Defining ‘A Good Man’
Bill Richardson, Dad Earl, and Building and Crossing Bridges
An essay by Jody Ewing
December 30, 2007
With great men come great stories. Some can be told quickly, summarized in a paragraph here or wrapped up in a tale’s ending there.
Others beg a lifetime to tell.
And, as writers like me struggle to convey the ineffable, these great men around us march forward every day to face down countless challenges few ever witness except those whose lives are altered in the wake.
I count myself among the lucky; I’ve not only witnessed greatness up close, but been allowed time to shine spotlights into lives wrapped by others in red and blue hues that when carefully opened unleashed spectacular prisms against the sky.

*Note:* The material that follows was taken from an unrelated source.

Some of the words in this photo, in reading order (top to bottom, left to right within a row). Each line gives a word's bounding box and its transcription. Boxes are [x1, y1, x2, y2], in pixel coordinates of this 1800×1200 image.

My rainbow arrived – as most do – after a long hard rain. I’d been sitting at my desk trying to write a chapter’s end to a book I’d hoped to finish weeks before, but words didn’t come so easily these days. They hadn’t really, not since the burglars cut the copper propane lines in my folks’ rural rental home and let it fill with gas to later explode with my stepfather Earl inside.
Six days after his funeral when Mom got her invasive breast cancer diagnosis, the words didn’t come any easier. And, after all, with a title like “Kids, Dogs, and Democrats Running Wild: Campaigning for Sanity in Iowa,” readers would expect a healthy dose of humor.

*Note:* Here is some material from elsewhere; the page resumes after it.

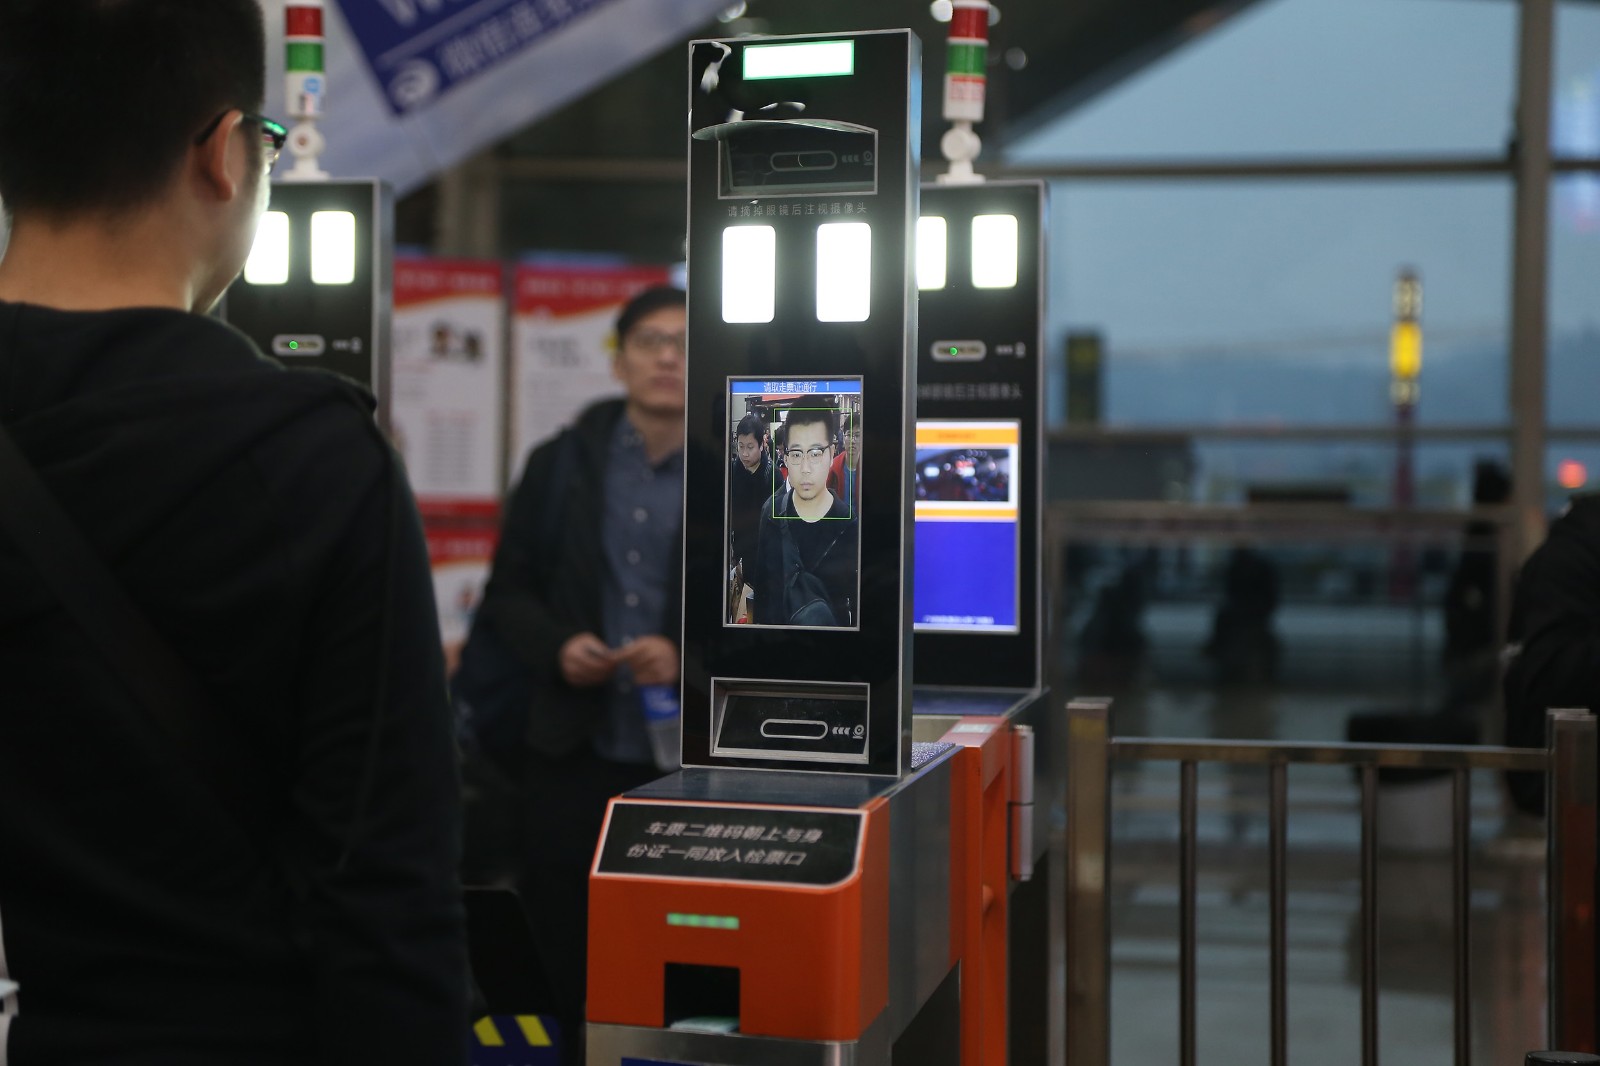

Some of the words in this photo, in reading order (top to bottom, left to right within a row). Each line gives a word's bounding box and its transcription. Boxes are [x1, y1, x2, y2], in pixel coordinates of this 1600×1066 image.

[727, 202, 867, 217] 请摘掉眼镜后注视摄像头
[763, 381, 817, 393] 请取走票证通行
[645, 821, 823, 844] 车票二维码朝上与身
[626, 843, 807, 866] 份证一同放入检票口

My hands hung suspended over the keyboard, waiting for inspiration’s return, when suddenly my office door swung open and I looked up to see my partner, Dennis Ryan, standing there.
Frequent interruptions, I learned early on, are standard fare when couples work from home, and more decisively so when both are as actively engaged politically as we tend to be. This time, though, he didn’t come in and kept his right hand on the doorknob as if he might need to make a hasty retreat.

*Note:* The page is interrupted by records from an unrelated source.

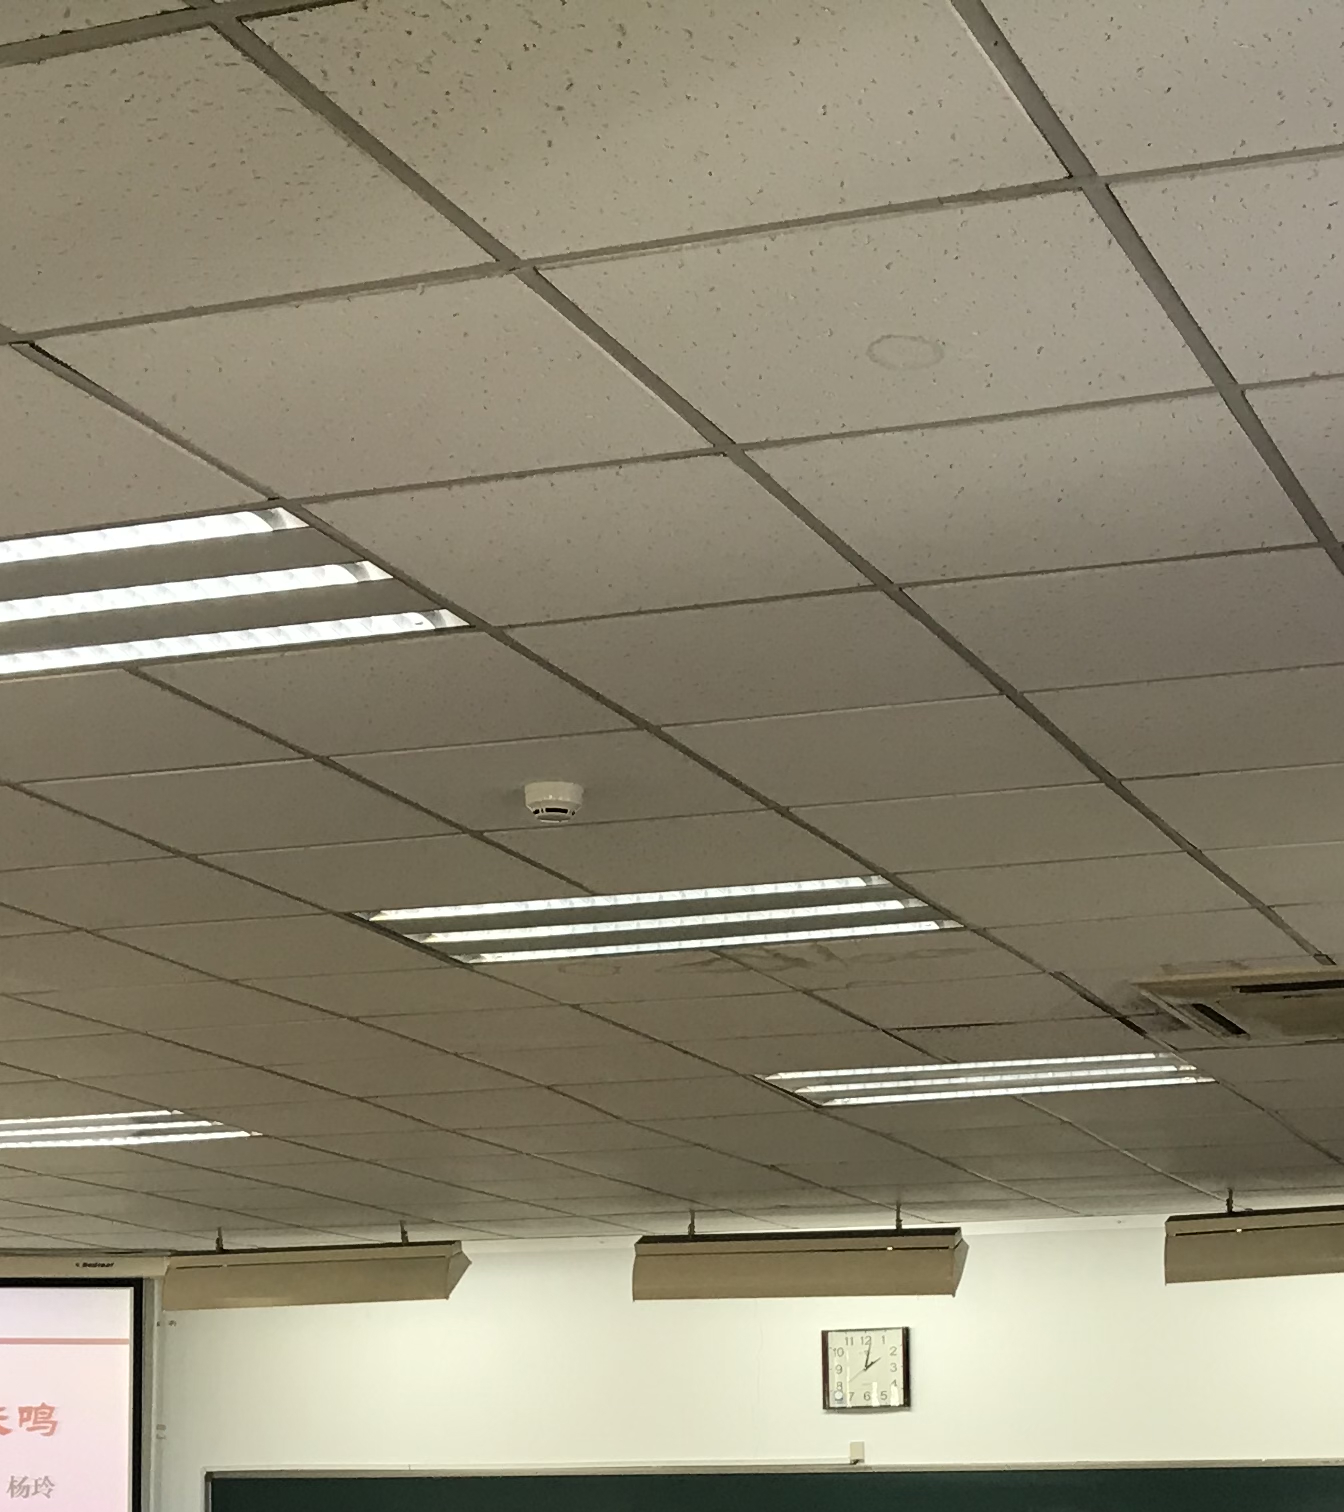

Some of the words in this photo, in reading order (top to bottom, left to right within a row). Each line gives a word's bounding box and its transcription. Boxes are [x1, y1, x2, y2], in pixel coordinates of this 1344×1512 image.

[845, 1336, 854, 1346] 11
[860, 1335, 872, 1346] 12
[881, 1335, 885, 1344] 1
[833, 1347, 844, 1357] 10
[889, 1346, 898, 1356] 2
[835, 1364, 843, 1374] 9
[890, 1362, 898, 1373] 3
[836, 1381, 843, 1391] 8
[849, 1391, 855, 1401] 7
[863, 1391, 871, 1401] 6
[880, 1390, 888, 1401] 5
[5, 1475, 56, 1500] 杨玲

“What?” I asked, my fingers still poised midair. But I recognized the look – the one that always accompanies bad news. I didn’t want any more bad news.
“Word is Richardson’s pulling out … calling it quits,” he said.
The syllables coiled around my neck and began to squeeze. He wouldn’t. Not the Bill Richardson I knew. I shook them loose and managed one word: “No.”
Governor Richardson had walked into my family’s life and given us hope at a time when we needed it most. He couldn’t just walk away from a Presidential campaign right when America most needed him.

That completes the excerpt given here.